Laryngobronchooesophagoscopy (LBO) is a diagnostic procedure frequently performed on children presenting with airway obstruction and stridor (noisy breathing). The procedure is performed under general anaesthesia with highly skilled paediatric anaesthetists. Telescopes, bronchoscopes and oesophagoscopes may be used to capture video and photograph the upper and lower airway.
Coblation inferior turbinates
A common cause of nasal obstruction in children is enlargement of the inferior turbinates in the nose. Allergy is a common cause and medical treatment with intranasal steroid sprays (avamys, nasonex) may be effective. For cases not responsive to medical therapy surgery can be offered to reduce the bulky mucosal lining of the inferior turbinates with coblation. This is a very well tolerated day stay procedure that has a low risk of complications.

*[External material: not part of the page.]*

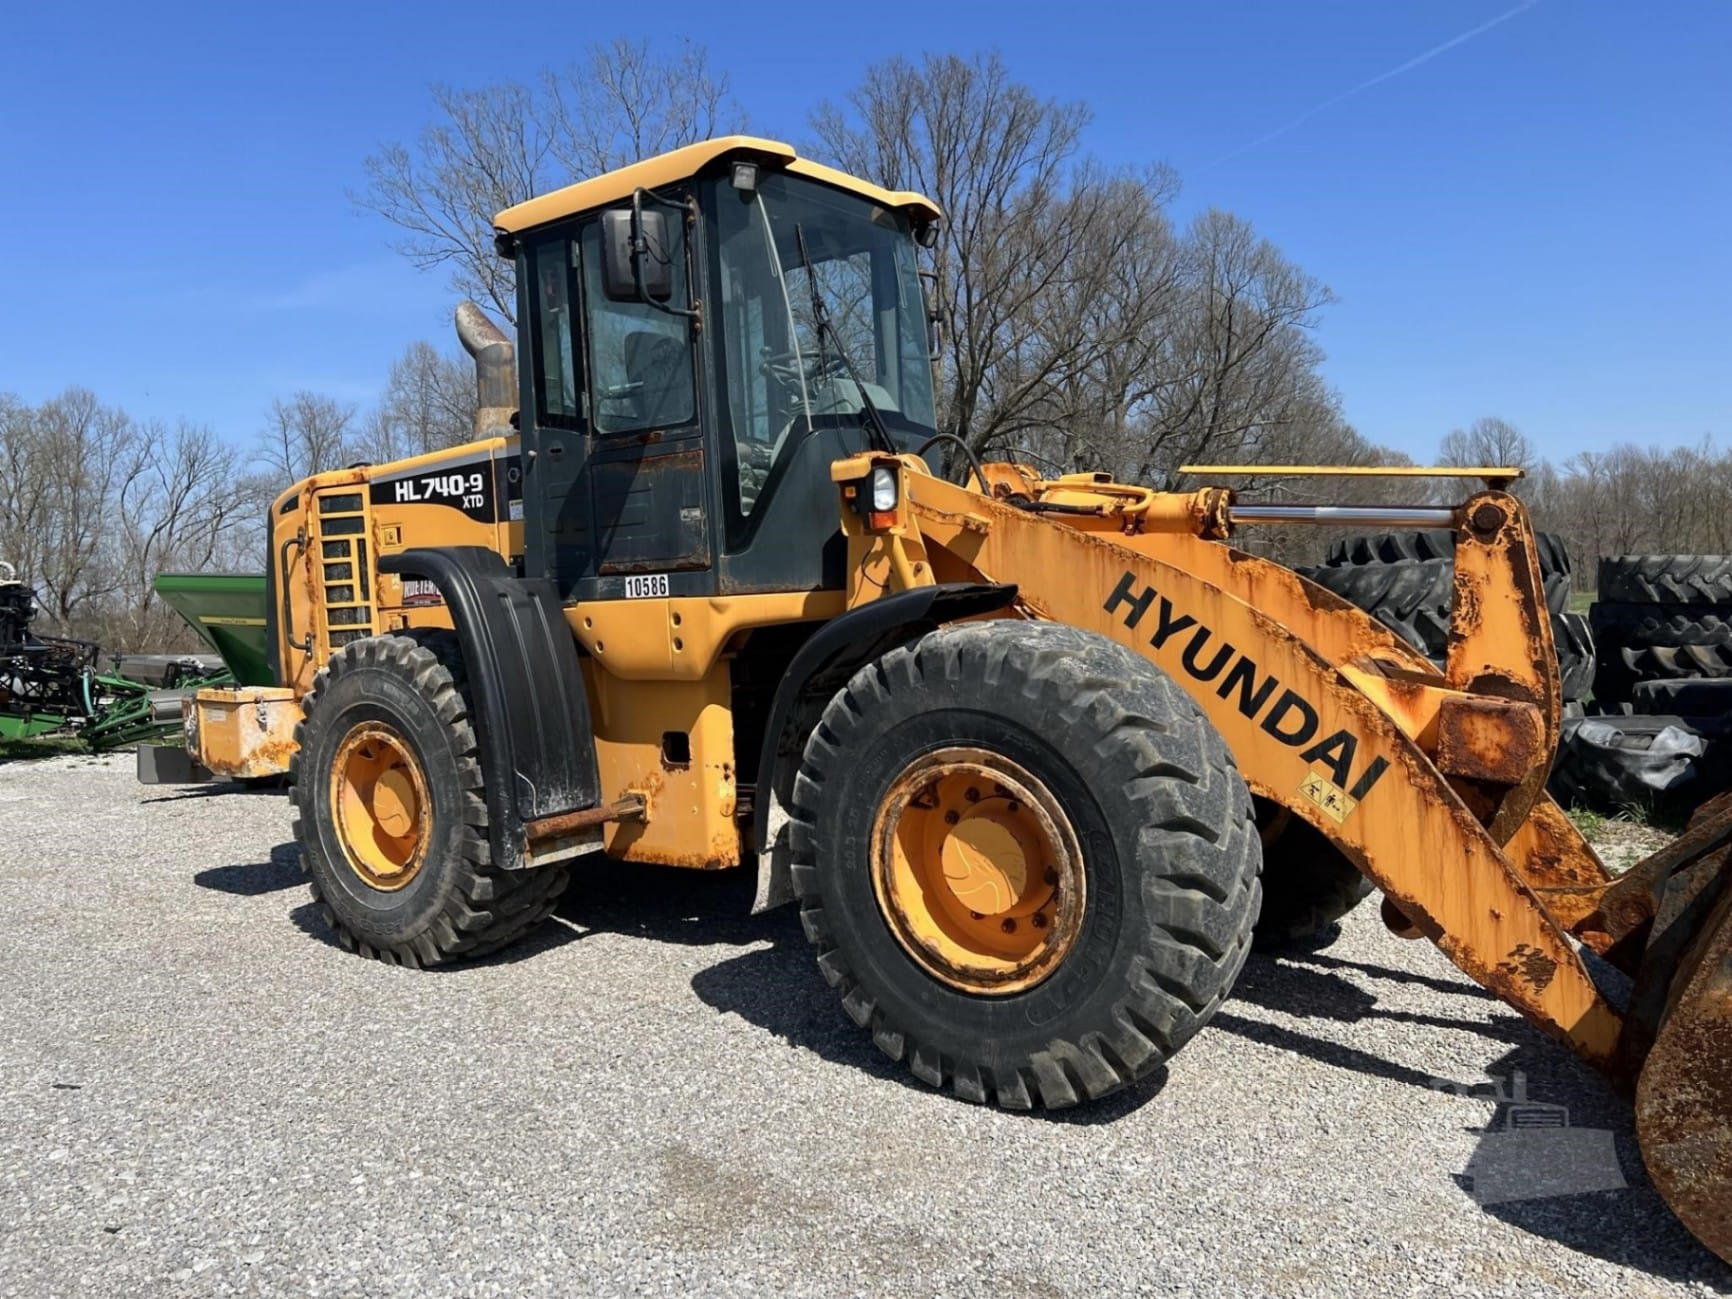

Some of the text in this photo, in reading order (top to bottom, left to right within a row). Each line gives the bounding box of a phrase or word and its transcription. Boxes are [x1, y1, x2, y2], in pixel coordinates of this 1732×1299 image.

For adults and children aged 9 y and above with nasal obstruction that have not responded to medical treatment or relapsed after coblation, inferior turbinoplasty may be offered as a more definitive solution to chronic nasal obstruction. This involves surgical removal of the inferior turbinate bone whilst preserving the mucosal lining. This is a day stay procedure performed under general anaesthesia and may be offered in conjunction with other treatments such as adenoidectomy or tonsillectomy.
The adenoids are lymphoid tissue at the back of the nose. They can be assessed via nasendoscopy or xray. It is normal to have some adenoidal tissue in the postnasal space. It only becomes problematic when it obstructs the nasal airway. This can result in chronic mouth breathing, obstructive sleep apnoea, chronic tiredness, and /or hyperactivity symptoms (exacerbation of ADHD). Removal of the adenoids is a day only procedure which is performed under direct vision with a telescope using a suction diathermy, coblator, or microdebrider depending on patient and surgical factors.
Tonsillectomy is one of the most commonly performed paediatric ENT operations. Indications for surgery include sleep disordered breathing (snoring and sleep apnoea) and recurrent tonsillitis. Tonsillectomy is performed under general anaesthesia. In the postoperative period pain and fluid management are important. Patients living in rural or remote areas are required to stay in an urban centre with ENT surgery support for 2 weeks after surgery.